Entries taken from a collection
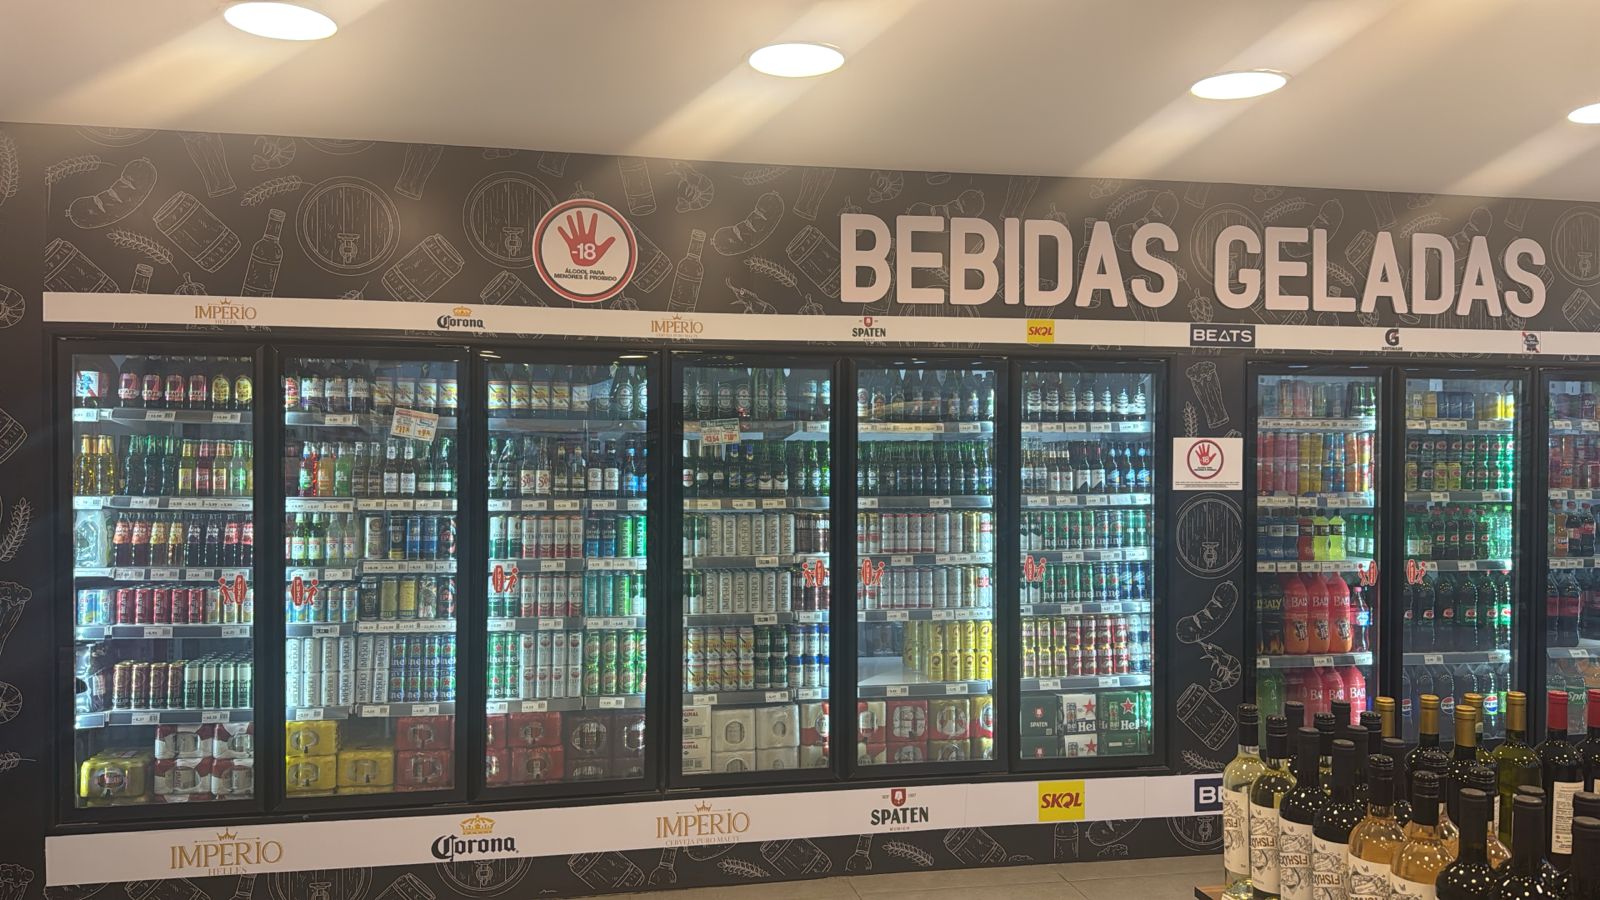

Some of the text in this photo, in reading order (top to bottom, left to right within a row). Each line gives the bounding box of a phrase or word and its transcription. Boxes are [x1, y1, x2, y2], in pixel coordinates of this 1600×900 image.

[571, 242, 597, 260] -18
[564, 267, 587, 275] ÁLCOOL
[840, 213, 1546, 318] BEBIDAS GELADAS
[553, 272, 583, 280] MENORES
[589, 274, 618, 282] PROIBIDO
[437, 315, 486, 330] Corona
[852, 327, 887, 338] SPATEN
[1028, 325, 1055, 338] SKOL
[1193, 328, 1253, 344] BEATS
[1041, 792, 1082, 809] SKOL
[870, 806, 929, 826] SPATEN
[431, 834, 519, 862] Corona

Exercise:
The output is the data above, repeated exactly, with pictures omitted.

Solution for this exercise:
Some of the text in this photo, in reading order (top to bottom, left to right within a row). Each line gives the bounding box of a phrase or word and its transcription. Boxes are [x1, y1, x2, y2], in pixel coordinates of this 1600×900 image.

[571, 242, 597, 260] -18
[564, 267, 587, 275] ÁLCOOL
[840, 213, 1546, 318] BEBIDAS GELADAS
[553, 272, 583, 280] MENORES
[589, 274, 618, 282] PROIBIDO
[437, 315, 486, 330] Corona
[852, 327, 887, 338] SPATEN
[1028, 325, 1055, 338] SKOL
[1193, 328, 1253, 344] BEATS
[1041, 792, 1082, 809] SKOL
[870, 806, 929, 826] SPATEN
[431, 834, 519, 862] Corona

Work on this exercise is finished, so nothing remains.